Isolated and detached, Patrick was able to smoke spice while he was in and out of jail in a work-release program. Since spice doesn’t show up on drug tests, he was “fantasizing again. It was all about [him] during those months. [He] went inside. [Total] self-absorption and [self-pity].” He even overdosed during this time. And this didn’t stop him, either.
After release, Patrick had managed to start a band that gained momentum. From age 19 to 23 Patrick took his bandmates on a wild ride. They had a front-row seat to the harrows of his alcoholism, and to a potential launchpad for real exposure, on track to open for major bands. The date for their big break was set, but Patrick’s internal saboteur took the stage. His behavior became so toxic that his friends had to cut ties, removing him from the very band that he created; things fell apart, the band broke up.
At age 24 Patrick’s parents discovered, as you may recall, a sea of empty vodka bottles in the room they were allowing him to stay in. This was the beginning of a series of wake-up calls. Patrick went to treatment, where he reimplemented his good student persona. He tried superficially, but he didn’t have an abiding understanding of the steps, according to him, and he wasn’t ready, in retrospect. He relapsed and moved into an apartment alone.
Patrick’s shoulders dropped as he moved into what I realized would be a heavy moment. He forebodingly recalled those days in Milwaukee. . .a connection to deep suffering was palpable. And yet he sat across from me, with five-and-a-half months sober. While opening up about a chapter of his drinking that brought him shame, I couldn’t help but think of his amazing drum solo during the Beit T’Shuvah talent show. . .
After the apartment-from-hell chapter, Patrick’s insurance afforded him treatment in Los Angeles. Moving to the City of Angels was a game-changer. He transitioned from Wisconsin’s dreary rooms of AA where young people were sparsely sprinkled to the recovery mecca of the West Coast; Los Angeles AA introduced Patrick to sober musicians and other industry folk.. And his myopic view of sobriety broadened as his despondent view of the promises of Alcoholics Anonymous became a hopeful one. AA had given him a new pair of glasses.

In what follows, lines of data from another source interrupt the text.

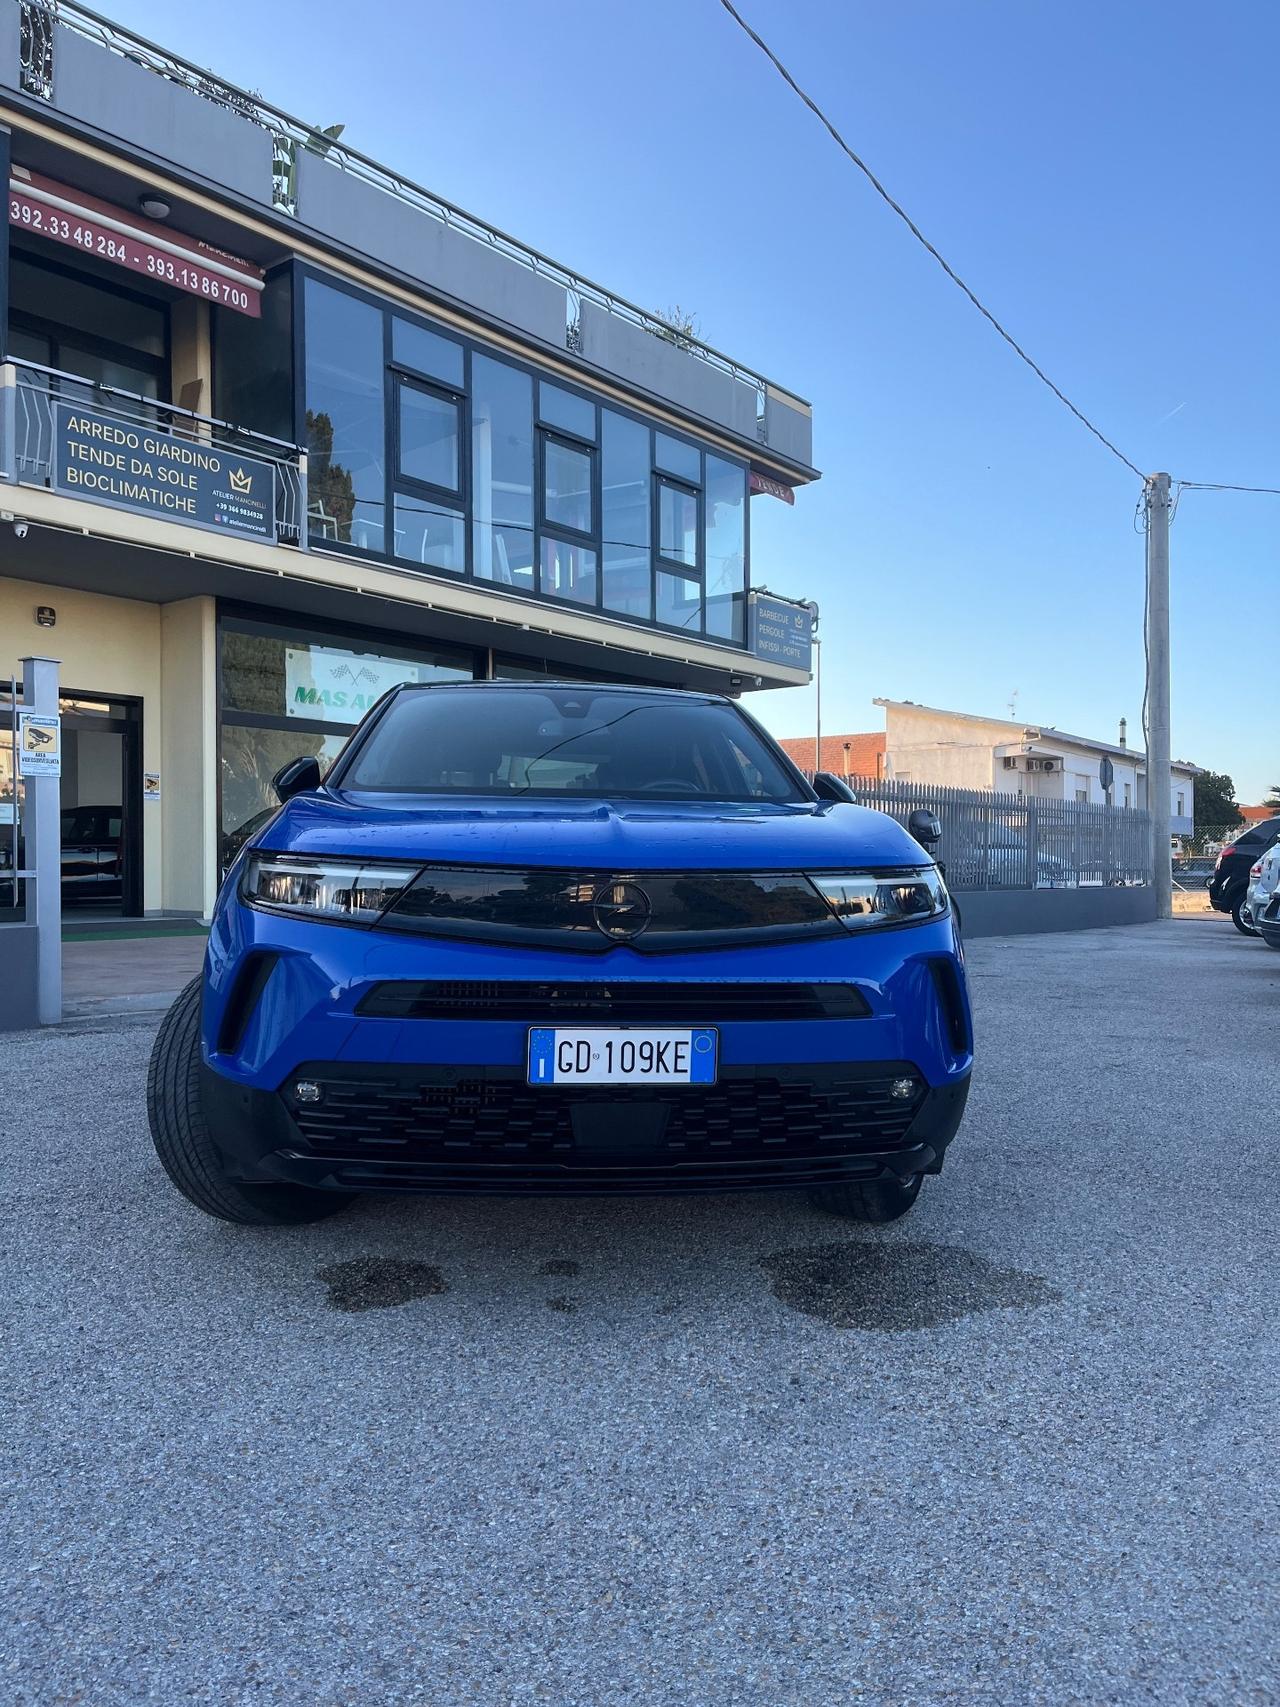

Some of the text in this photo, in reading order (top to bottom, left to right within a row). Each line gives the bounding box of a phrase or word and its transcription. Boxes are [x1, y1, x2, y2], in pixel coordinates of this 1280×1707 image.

[67, 416, 221, 473] ARREDO GIARDINO
[67, 441, 199, 491] TENDE DA SOLE
[66, 466, 197, 514] BIOCLIMATICHE
[211, 489, 267, 509] ATELIER MANCINELLI
[216, 502, 228, 511] +39
[759, 608, 790, 625] BARBECUE
[758, 624, 785, 639] PERGOLE
[758, 640, 780, 653] INFISSI
[783, 645, 801, 658] PORTE
[294, 686, 349, 708] MAS
[557, 1040, 690, 1073] GD 109KE

Unfortunately, Patrick eventually fell away from his program and relapsed again, which led to his admission to Beit T’Shuvah. He didn’t lose the tools he had gained, however, Patrick hit the ground running. Today, he works in the kitchen, elevating our meals with his culinary skills. Patrick plays drums with the Beit T’Shuvah band for Friday night and Saturday morning services and is a force of percussive nature. Most importantly, he is actively involved in his step work, even carrying the message to two sponsees.
The familial web of suffering is untangling through attraction, not promotion, today. Patrick’s relationship with his father has transformed, and Patrick’s father has evolved. He “expresses emotion more these days, because he learned how sensitive I was. He says I love you.” Patrick’s mother and he have an improved relationship, too. Today Patrick and his Mom show each other love through healthy boundaries. Patrick deeply appreciates his Mother and respects her for holding her own as he works to mend their tethered bond. Manipulation has been replaced with authentic connection.

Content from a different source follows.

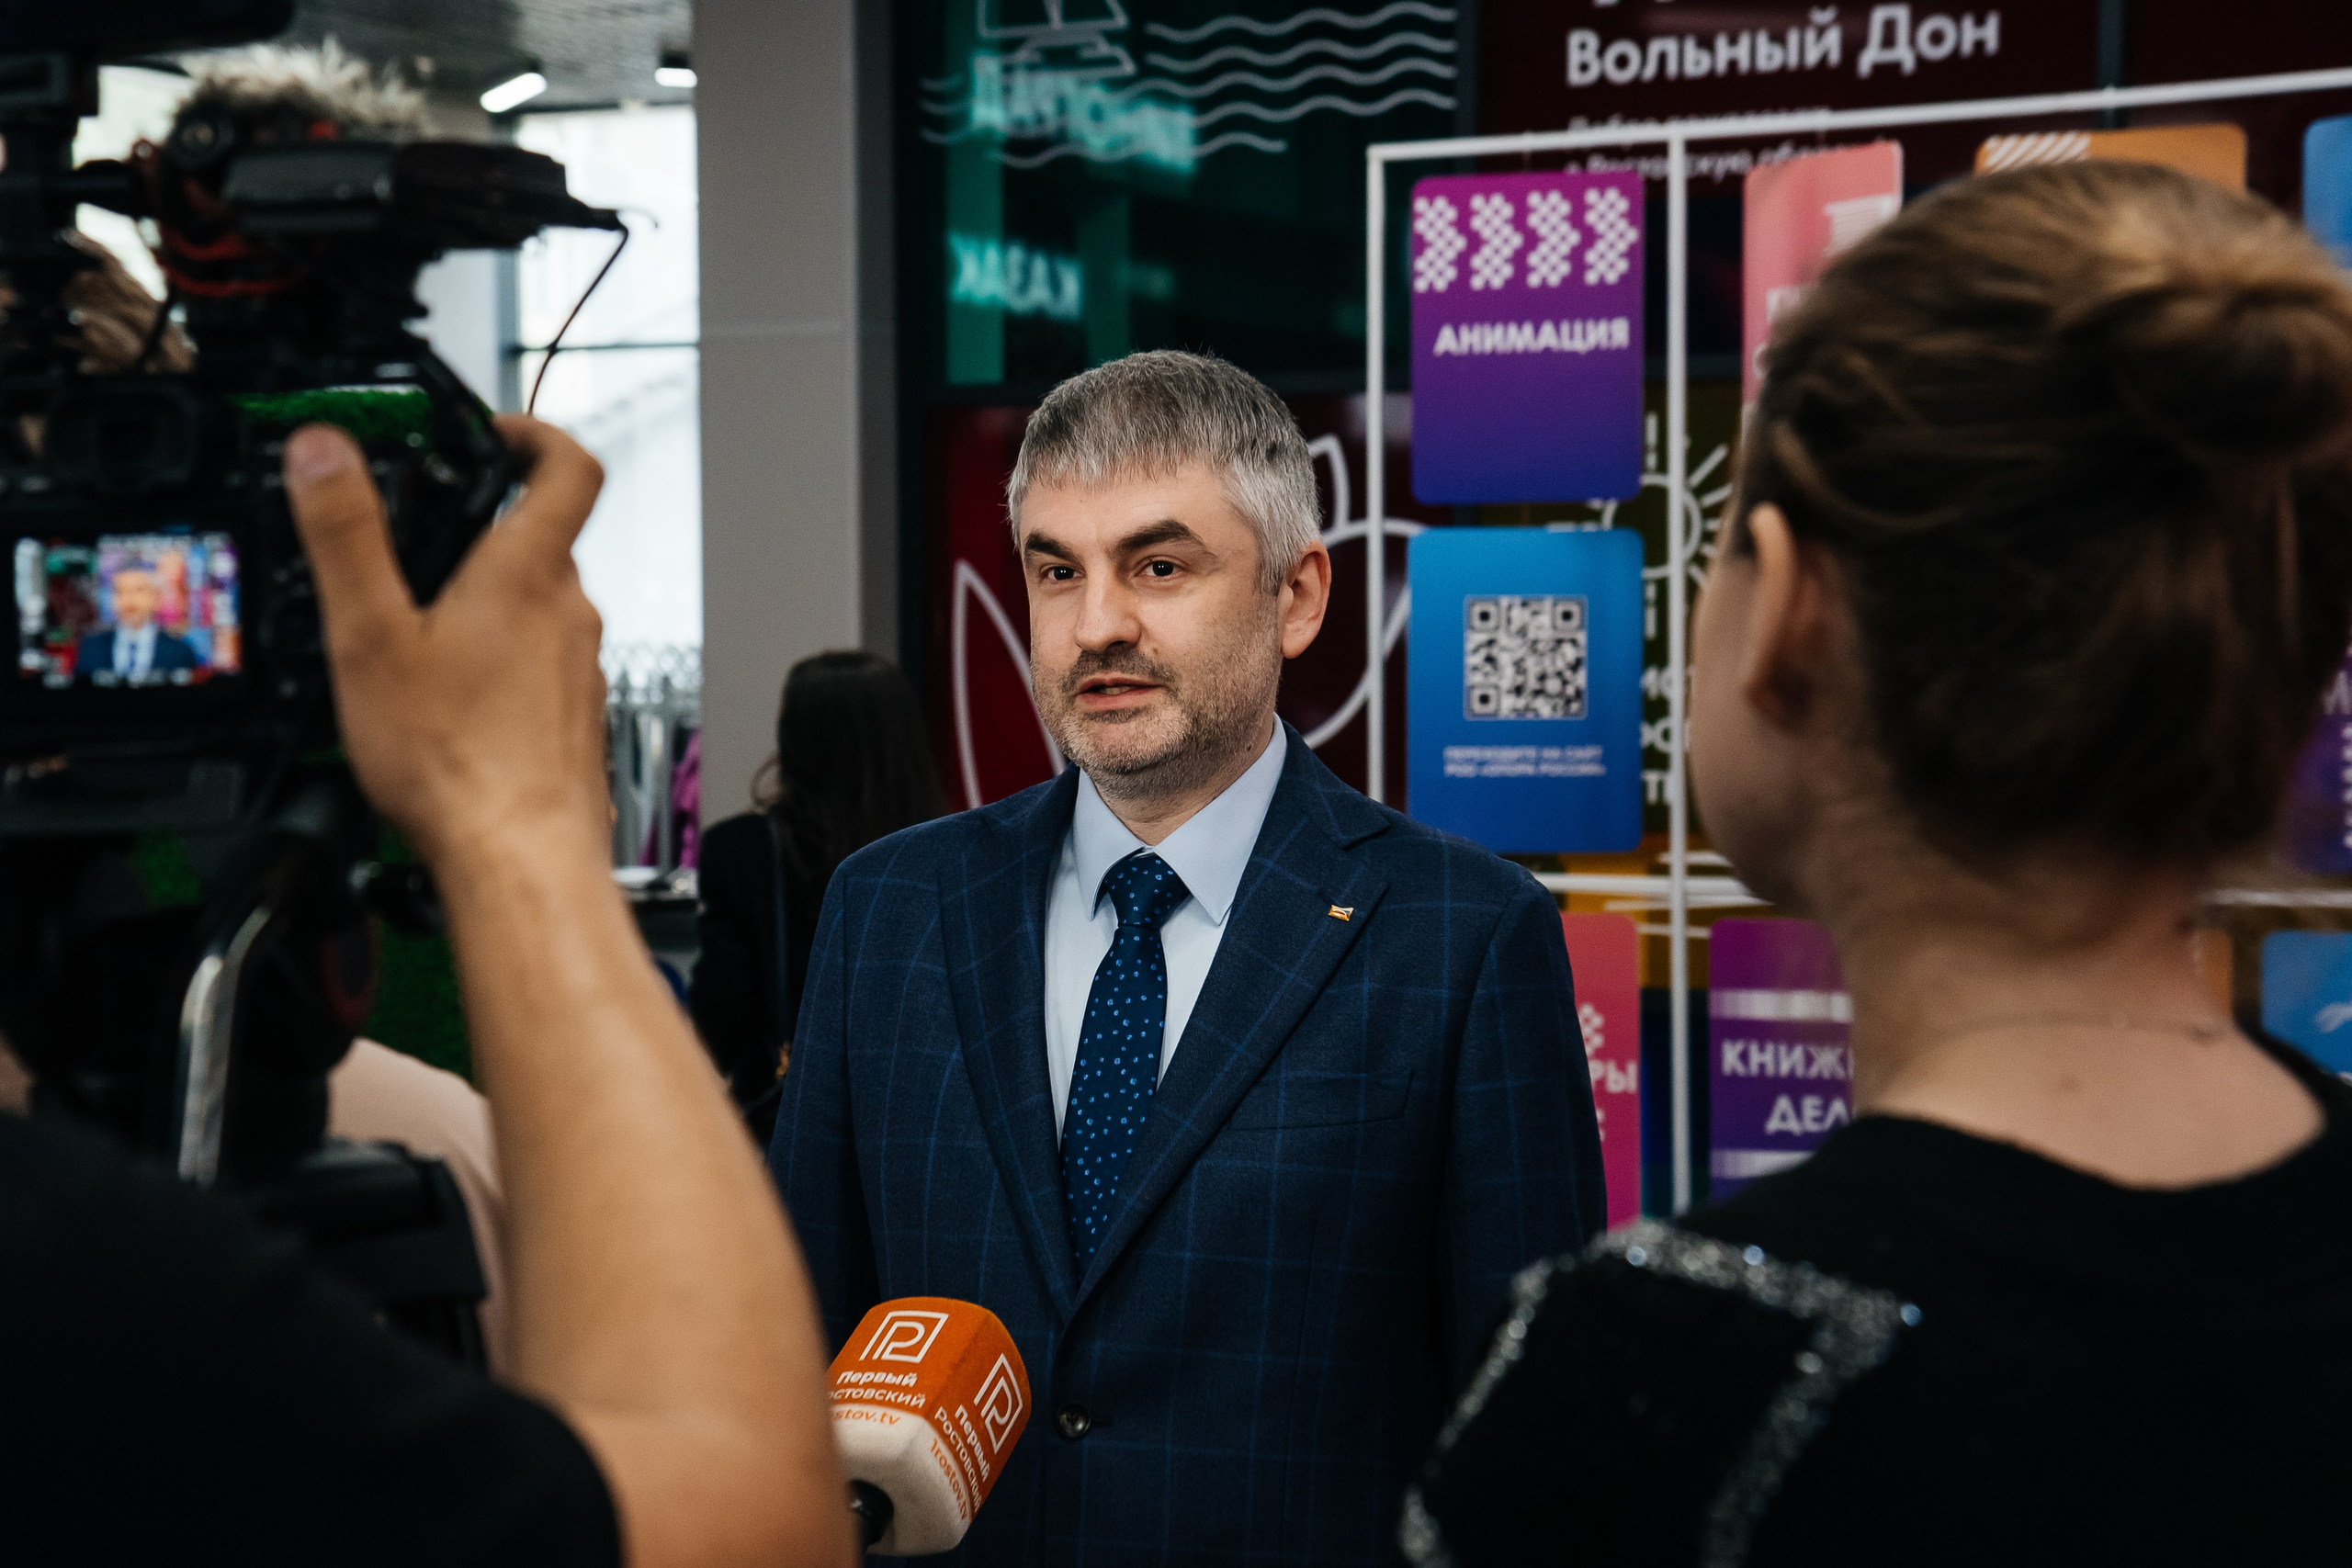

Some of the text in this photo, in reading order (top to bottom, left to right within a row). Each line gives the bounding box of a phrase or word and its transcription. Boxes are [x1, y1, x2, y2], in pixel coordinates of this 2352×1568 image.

When asked what he’d like BTS to know about him that we may not already know, Patrick’s response was unsurprisingly humble. “I’d like people to know I always want to continue to learn, I think there’s always more to learn– that there’s always potential for all of us.” And we all have our own internal rhythm whether or not we’re drummers. To live authentically, we must shed our propensity to impression-manage, to wear the ‘good student persona.’ Our God given drums fuel us each day. There are many beats. I close my eyes, I ground myself, I listen, and I realize. . . I need not mock anyone else’s rhythm, for I have my own. To whose drum beat are you marching?